■ **Saved data entries**:
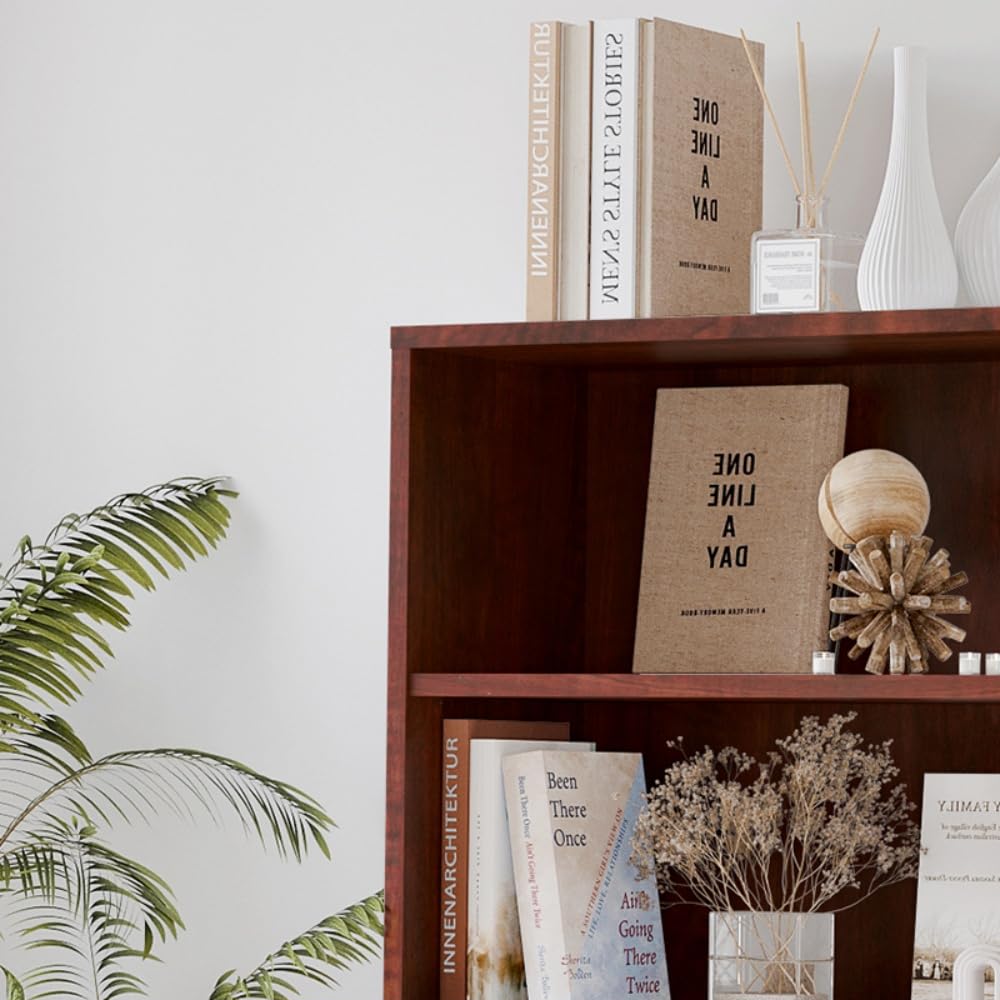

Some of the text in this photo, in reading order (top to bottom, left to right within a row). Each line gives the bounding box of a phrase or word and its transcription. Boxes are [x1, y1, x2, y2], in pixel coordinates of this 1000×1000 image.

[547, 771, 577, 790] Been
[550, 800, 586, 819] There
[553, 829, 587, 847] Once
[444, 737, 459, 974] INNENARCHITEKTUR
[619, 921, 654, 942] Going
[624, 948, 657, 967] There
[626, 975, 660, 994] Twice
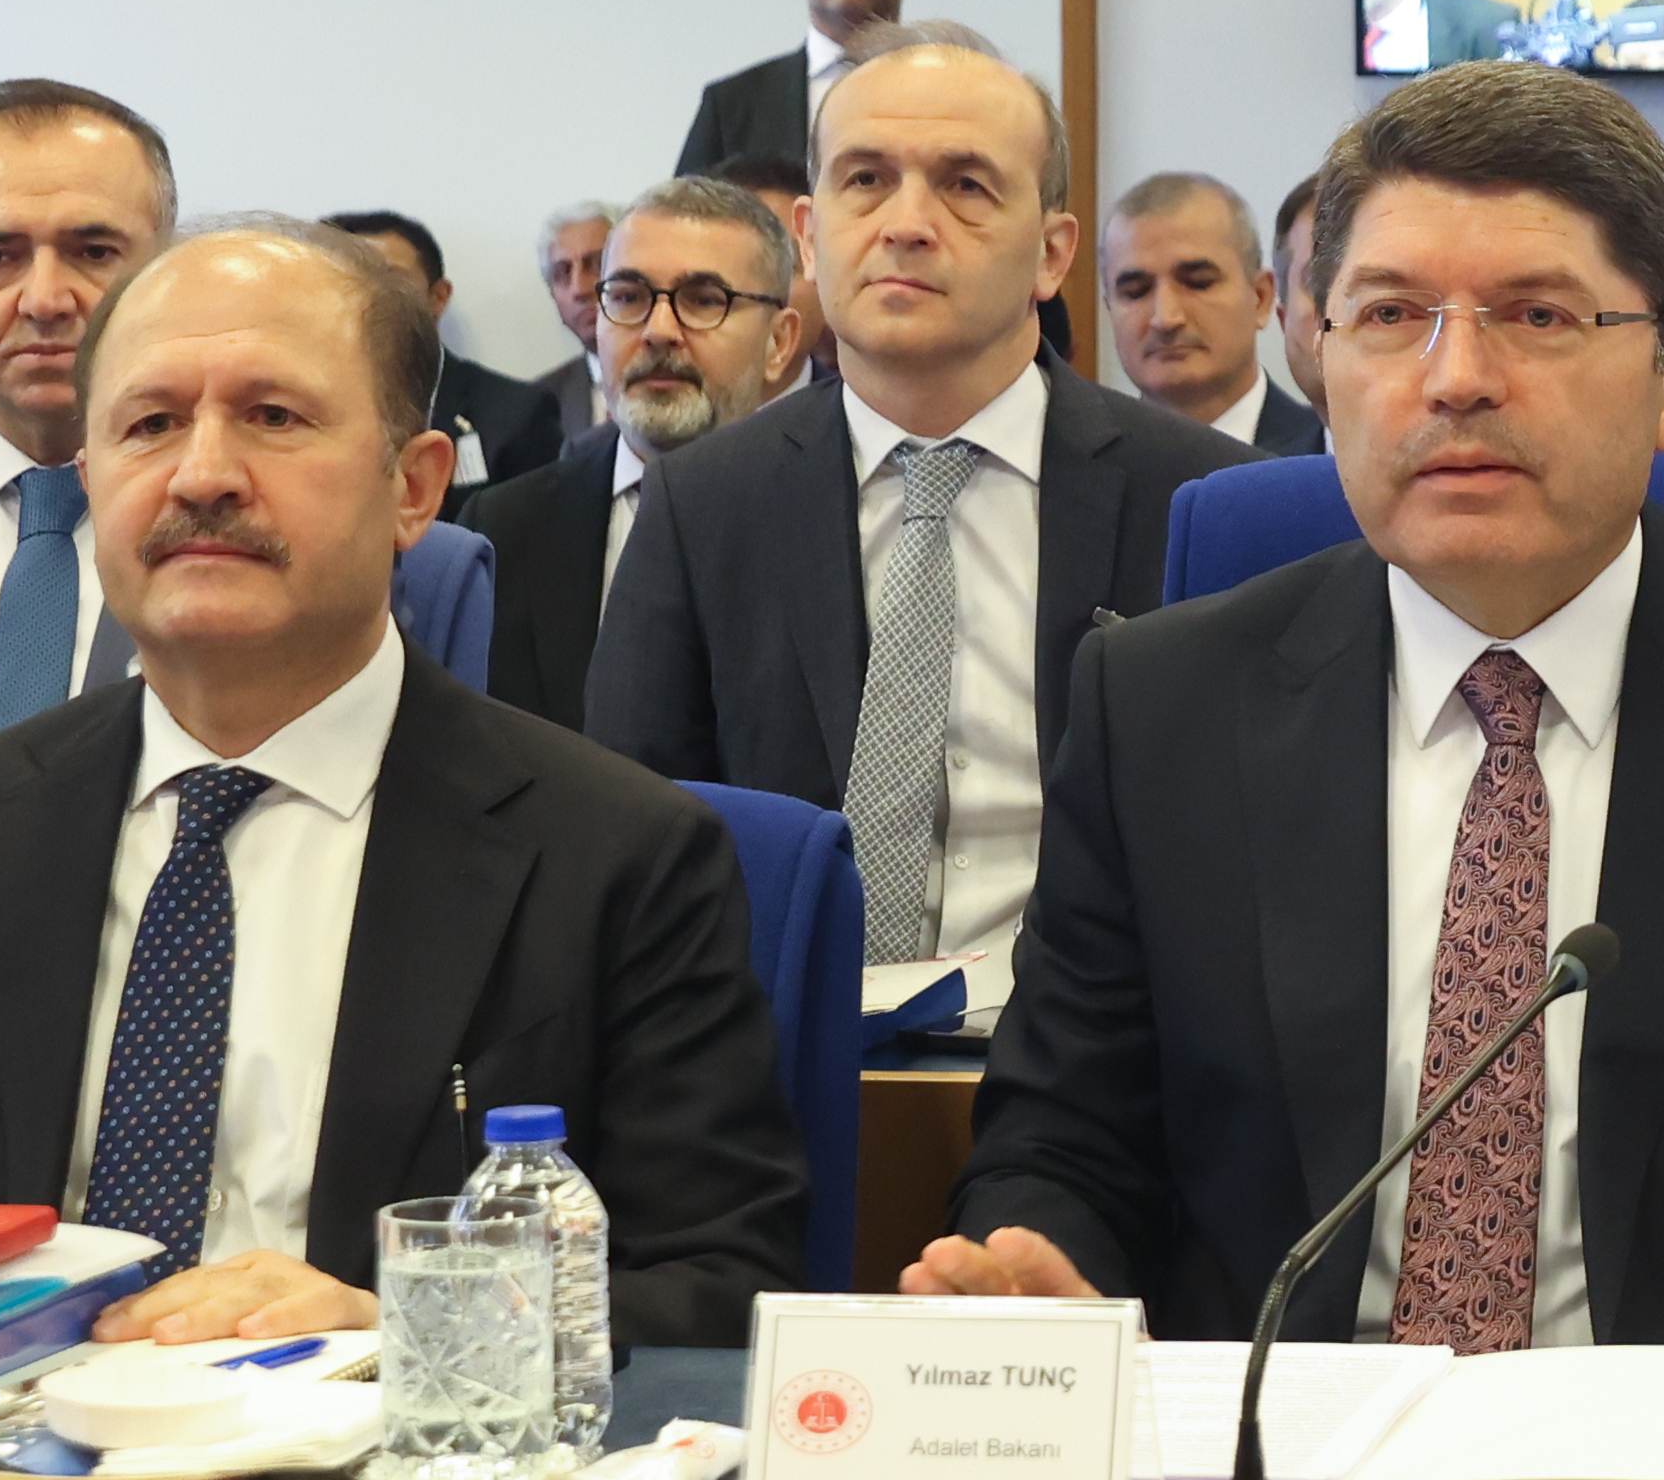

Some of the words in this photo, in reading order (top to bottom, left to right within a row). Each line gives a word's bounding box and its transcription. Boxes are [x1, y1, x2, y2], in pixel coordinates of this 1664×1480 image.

■ **WHAT THE TASK REQUIRES**:
Set every entry down again exactly as written, and omit the images.

■ **SOLUTION TO THIS EXERCISE**:
Some of the text in this photo, in reading order (top to bottom, left to right within a row). Each line gives the bounding box of a phrase or word and its transcription. Boxes are [x1, y1, x2, y2], in pixel coordinates of this 1000×1000 image.

[547, 771, 577, 790] Been
[550, 800, 586, 819] There
[553, 829, 587, 847] Once
[444, 737, 459, 974] INNENARCHITEKTUR
[619, 921, 654, 942] Going
[624, 948, 657, 967] There
[626, 975, 660, 994] Twice

Some of the words in this photo, in reading order (top to bottom, left to right within a row). Each line gives a word's bounding box and its transcription. Boxes are [x1, y1, x2, y2], in pixel coordinates of this 1664×1480 image.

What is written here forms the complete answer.